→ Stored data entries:
:::

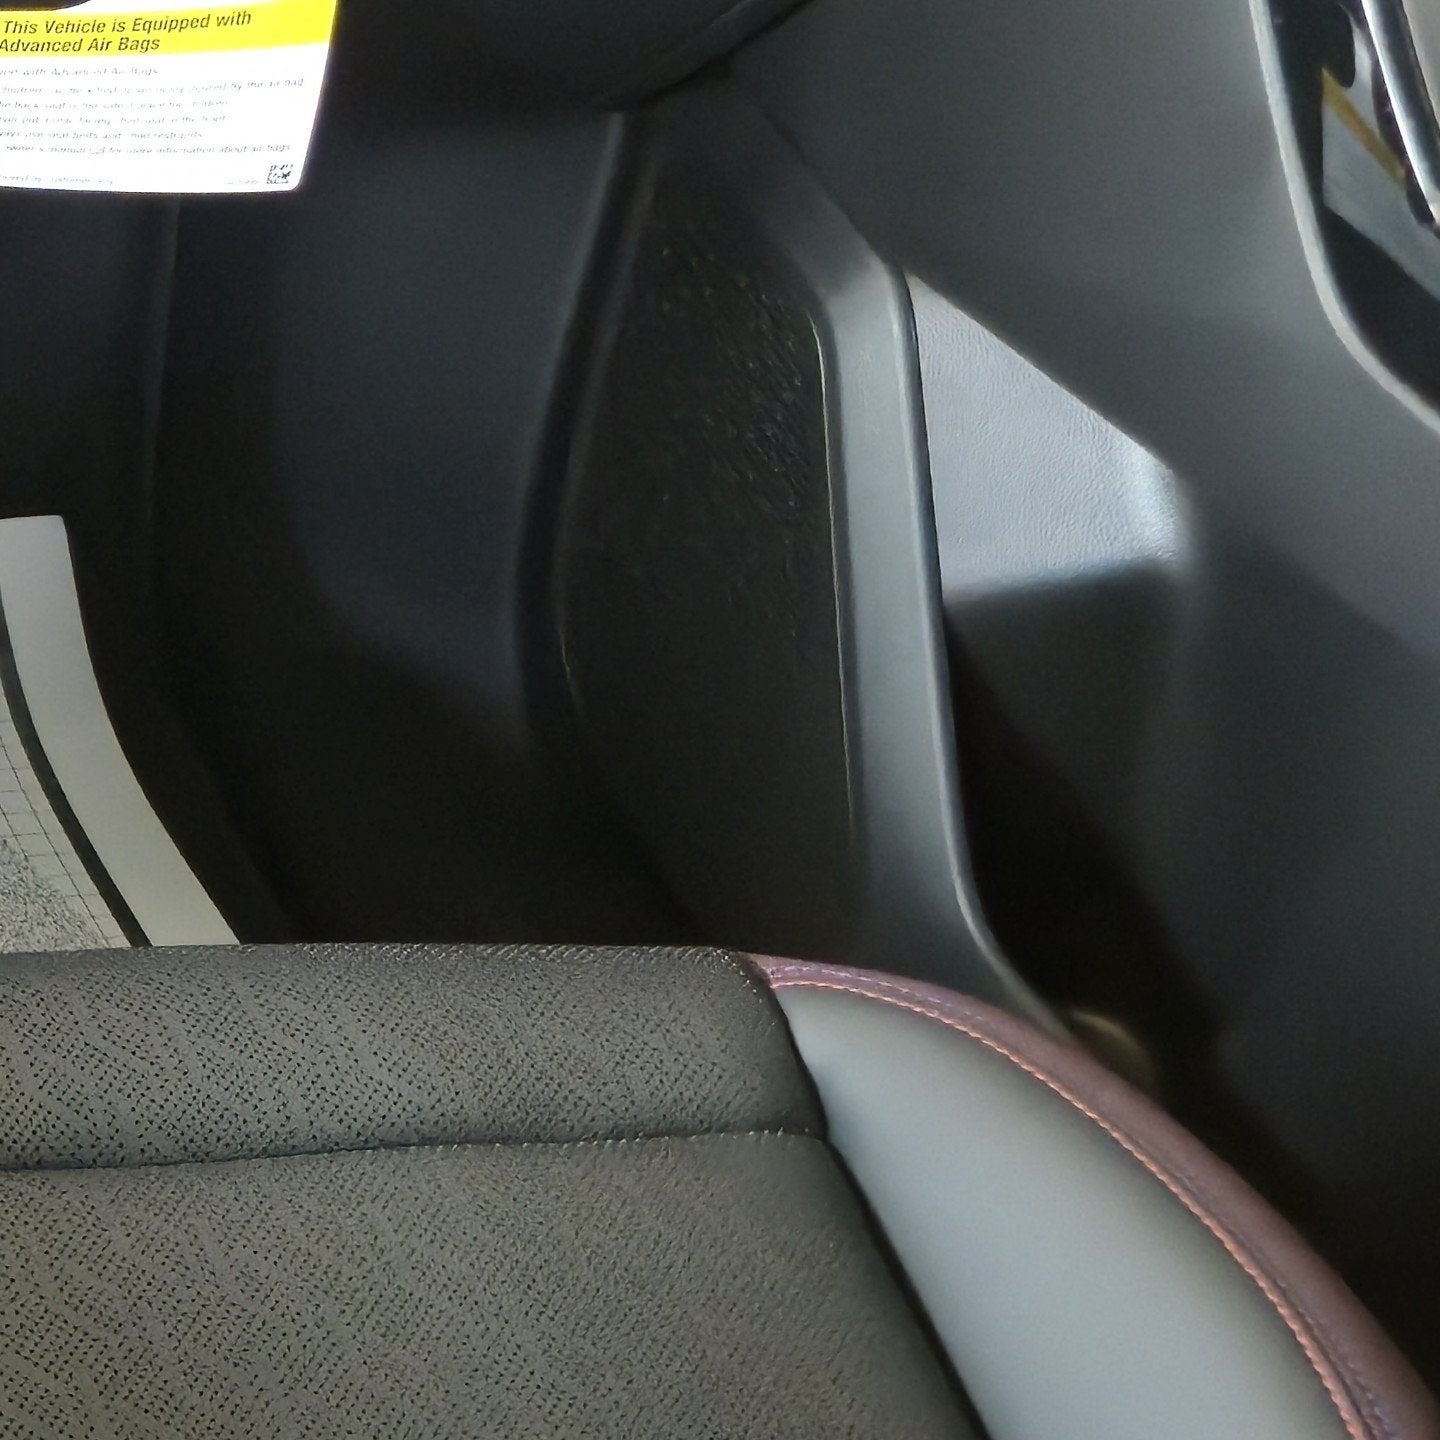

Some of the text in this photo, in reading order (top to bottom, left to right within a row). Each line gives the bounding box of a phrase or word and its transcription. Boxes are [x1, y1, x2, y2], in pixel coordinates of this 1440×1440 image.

[3, 11, 252, 35] This Vehicle is Equipped with
[87, 37, 112, 52] Air
[117, 37, 160, 54] Bags
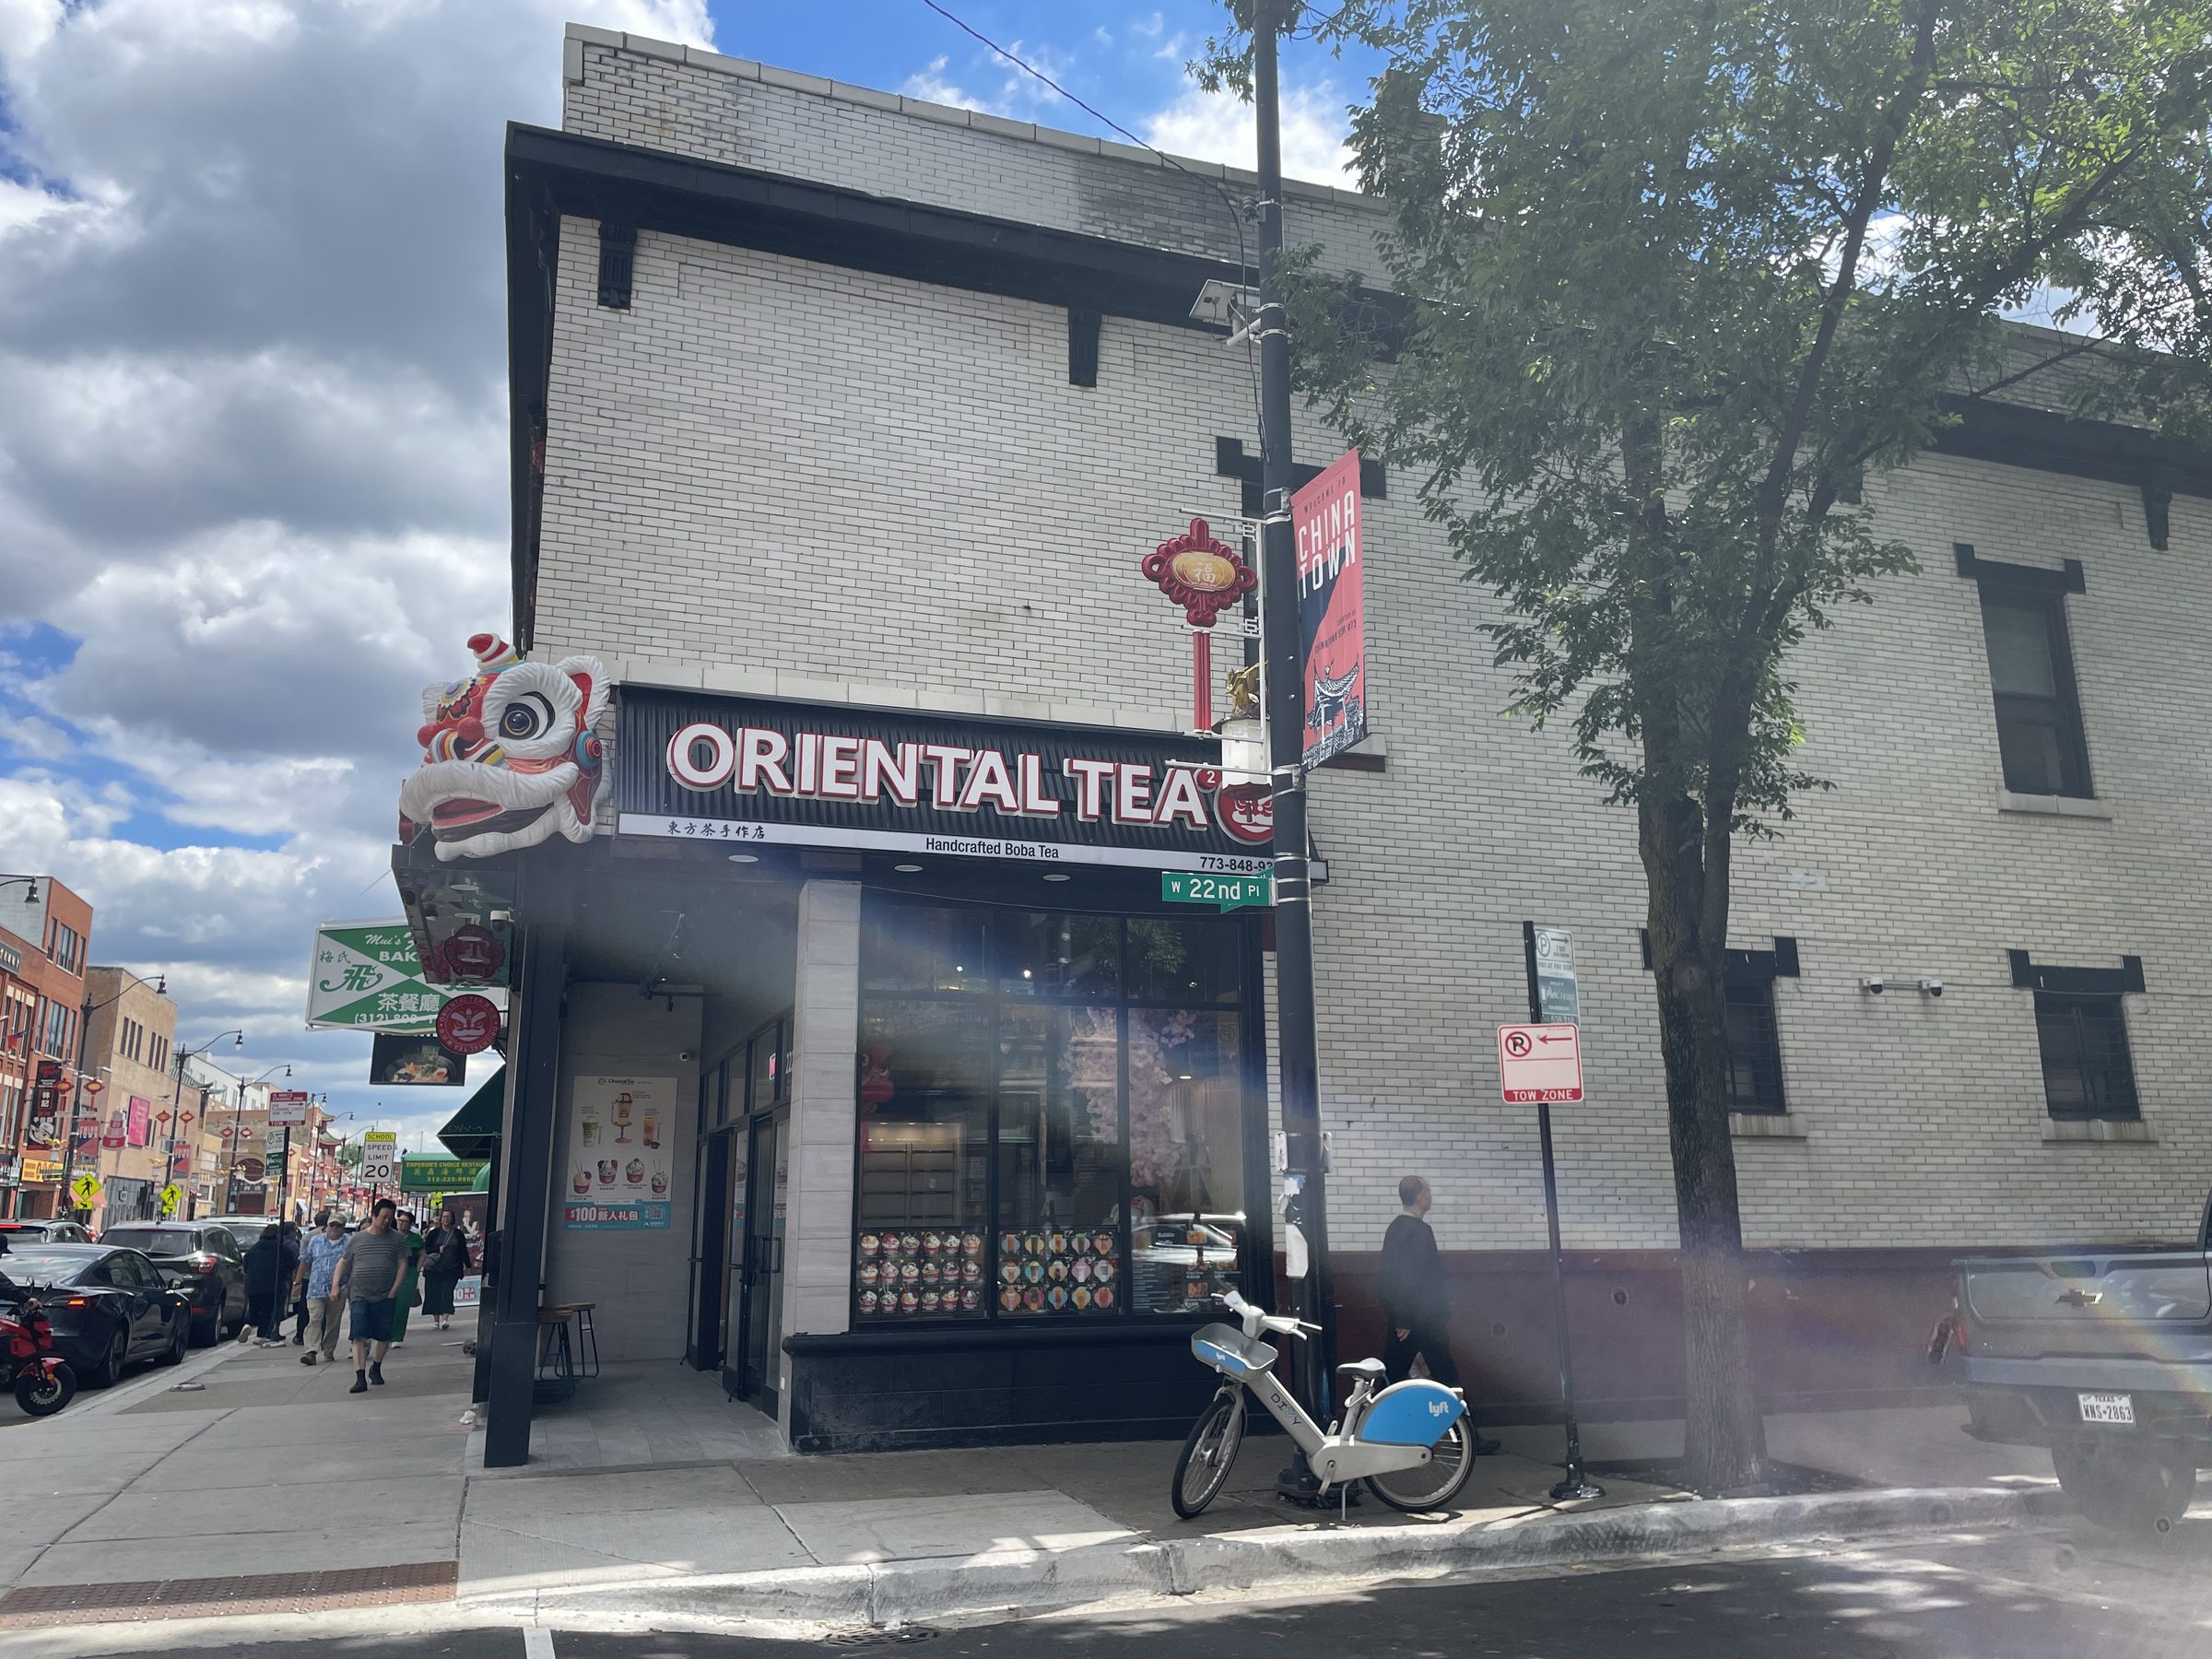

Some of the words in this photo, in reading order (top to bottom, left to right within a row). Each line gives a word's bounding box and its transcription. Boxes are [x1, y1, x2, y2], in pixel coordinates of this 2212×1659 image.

[1298, 489, 1355, 562] CHINA
[1299, 526, 1356, 599] TOWN
[1193, 561, 1217, 583] 福
[666, 722, 1060, 818] ORIENTAL
[1064, 758, 1209, 830] TEA
[1206, 771, 1216, 783] 2
[667, 820, 766, 840] 東方茶手作店
[925, 837, 1001, 855] Handcrafted
[1005, 842, 1036, 857] Boba
[1038, 845, 1059, 858] Tea
[1171, 881, 1181, 893] W
[1190, 878, 1241, 900] 22nd
[364, 934, 402, 945] Mui's
[379, 951, 420, 961] BAK
[377, 993, 441, 1011] 茶餐廳
[1512, 1090, 1536, 1101] TOW
[1542, 1089, 1573, 1100] ZONE
[364, 1165, 389, 1178] 20
[570, 1206, 596, 1221] $100
[1428, 1401, 1450, 1417] lyft
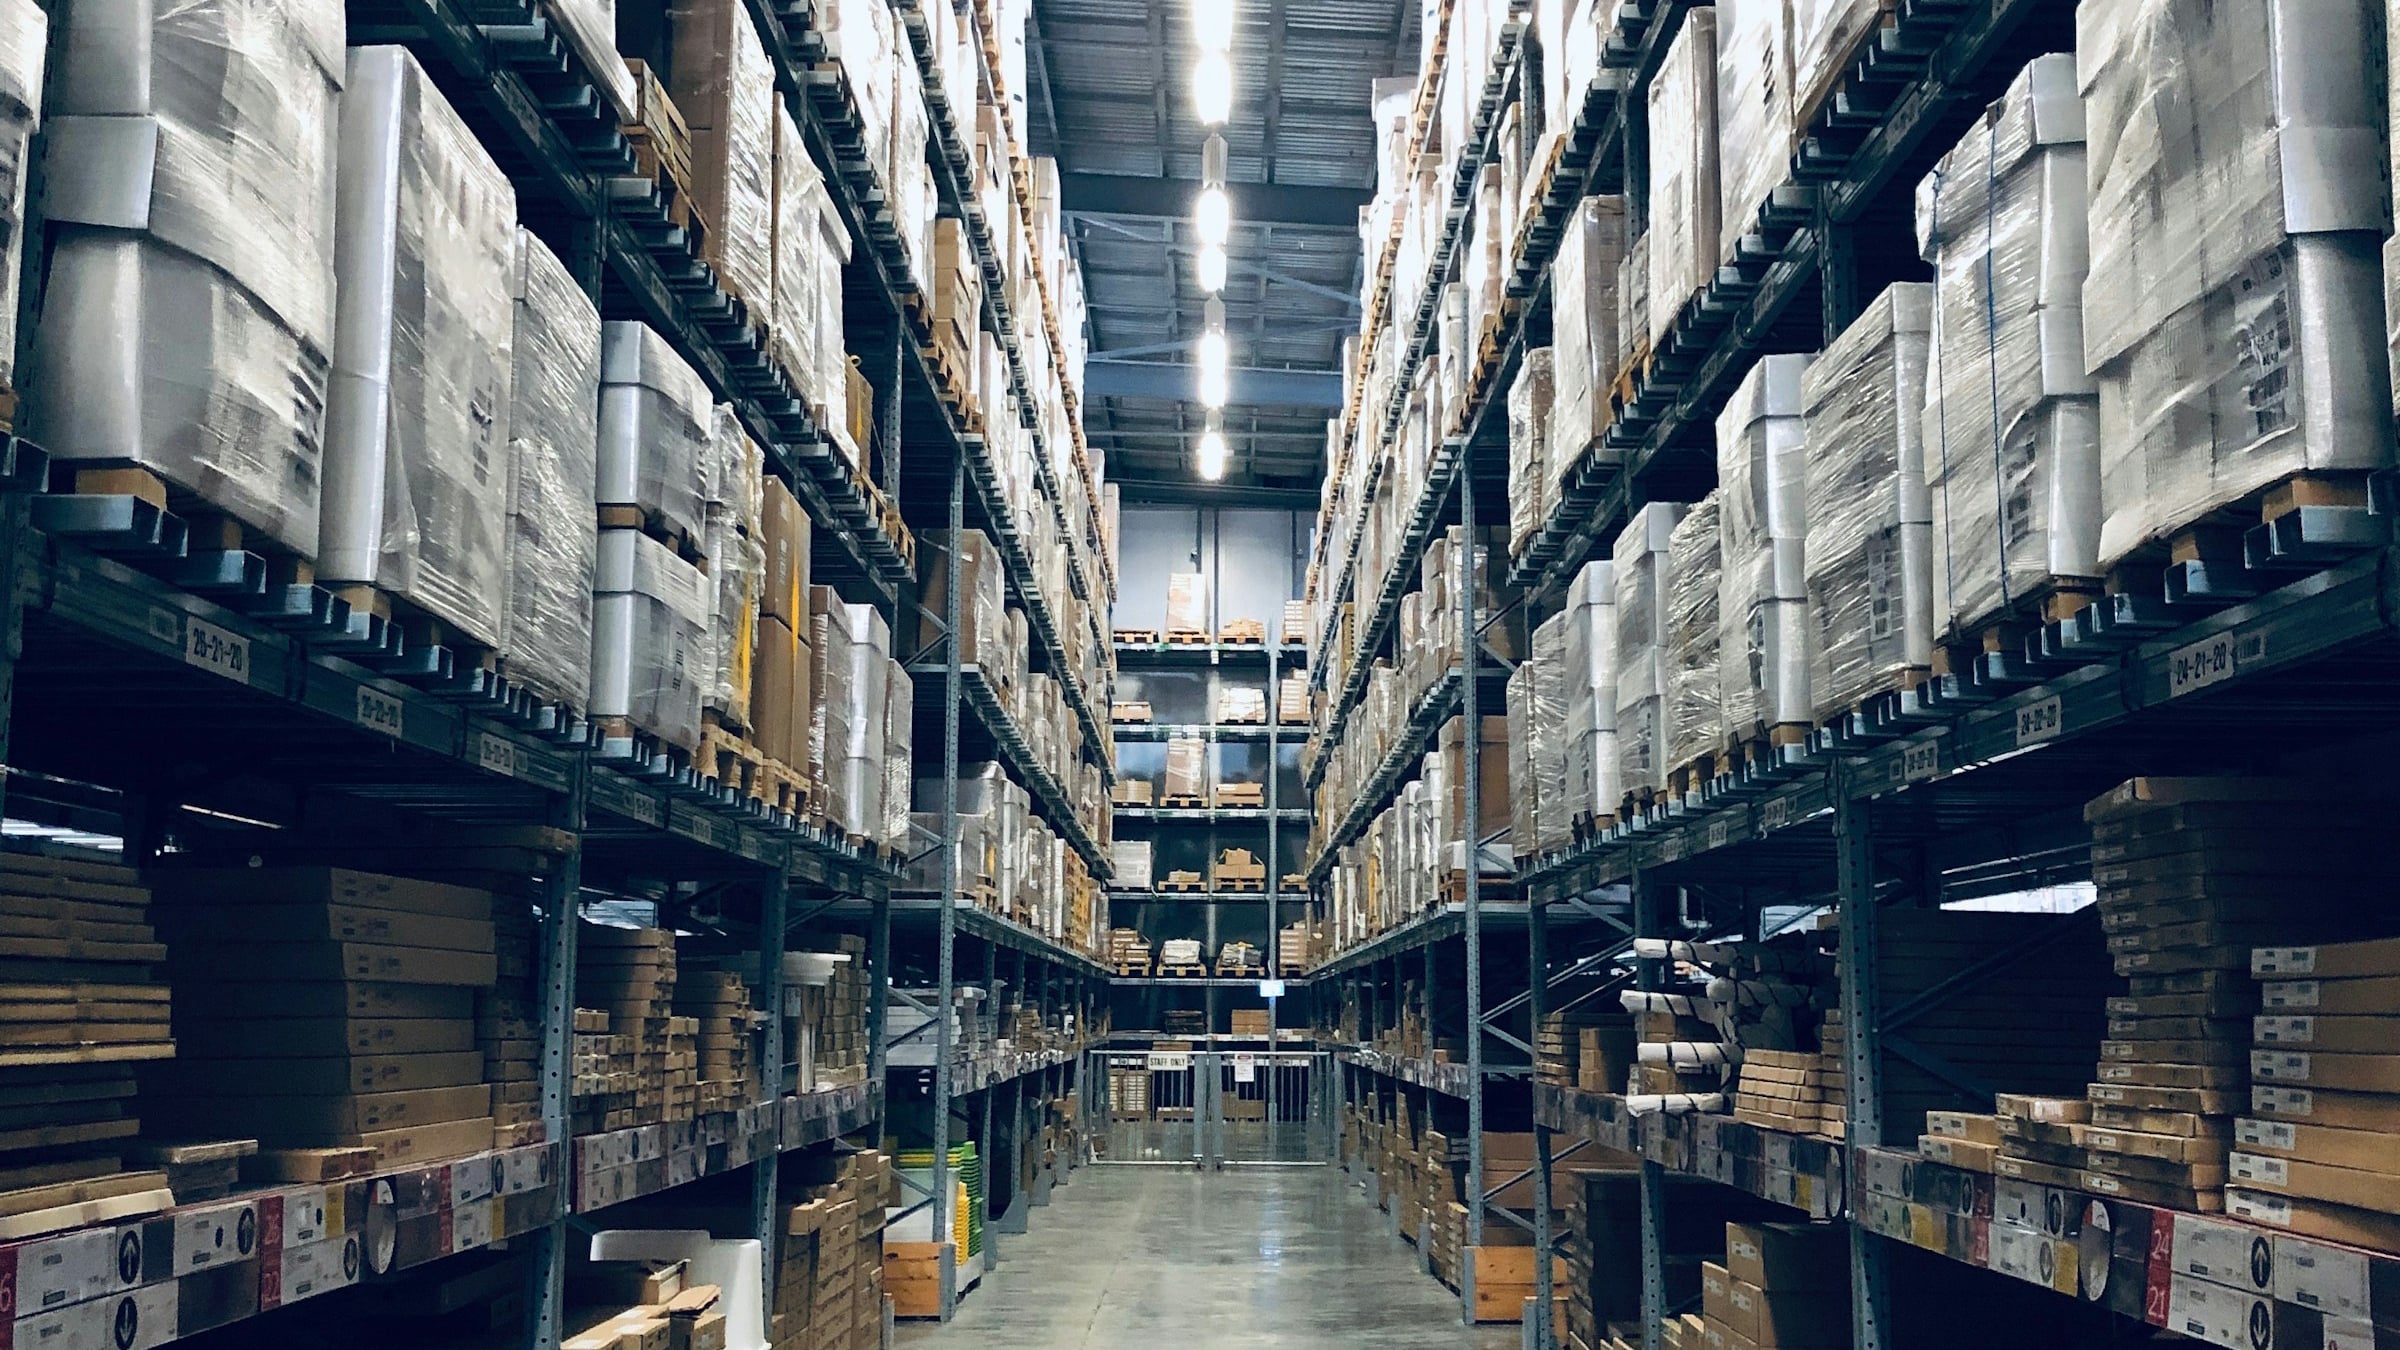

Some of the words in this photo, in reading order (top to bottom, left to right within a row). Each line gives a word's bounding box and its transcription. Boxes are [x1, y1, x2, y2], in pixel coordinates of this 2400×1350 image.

[2177, 641, 2227, 686] 24-21-20
[1150, 1057, 1168, 1066] STAFF
[1171, 1057, 1185, 1066] ONLY
[2151, 1228, 2170, 1260] 24
[2148, 1286, 2165, 1319] 21

:::

→ Your instructions: Return the data above unchanged. Pictures are not part of the copy.

→ Exercise output:
Some of the text in this photo, in reading order (top to bottom, left to right within a row). Each line gives the bounding box of a phrase or word and its transcription. Boxes are [x1, y1, x2, y2], in pixel coordinates of this 1440×1440 image.

[3, 11, 252, 35] This Vehicle is Equipped with
[87, 37, 112, 52] Air
[117, 37, 160, 54] Bags

Some of the words in this photo, in reading order (top to bottom, left to right within a row). Each line gives a word's bounding box and its transcription. Boxes are [x1, y1, x2, y2], in pixel coordinates of this 2212×1659 image.

[1298, 489, 1355, 562] CHINA
[1299, 526, 1356, 599] TOWN
[1193, 561, 1217, 583] 福
[666, 722, 1060, 818] ORIENTAL
[1064, 758, 1209, 830] TEA
[1206, 771, 1216, 783] 2
[667, 820, 766, 840] 東方茶手作店
[925, 837, 1001, 855] Handcrafted
[1005, 842, 1036, 857] Boba
[1038, 845, 1059, 858] Tea
[1171, 881, 1181, 893] W
[1190, 878, 1241, 900] 22nd
[364, 934, 402, 945] Mui's
[379, 951, 420, 961] BAK
[377, 993, 441, 1011] 茶餐廳
[1512, 1090, 1536, 1101] TOW
[1542, 1089, 1573, 1100] ZONE
[364, 1165, 389, 1178] 20
[570, 1206, 596, 1221] $100
[1428, 1401, 1450, 1417] lyft

Some of the words in this photo, in reading order (top to bottom, left to right within a row). Each line gives a word's bounding box and its transcription. Boxes are [x1, y1, x2, y2], in pixel coordinates of this 2400×1350 image.

[2177, 641, 2227, 686] 24-21-20
[1150, 1057, 1168, 1066] STAFF
[1171, 1057, 1185, 1066] ONLY
[2151, 1228, 2170, 1260] 24
[2148, 1286, 2165, 1319] 21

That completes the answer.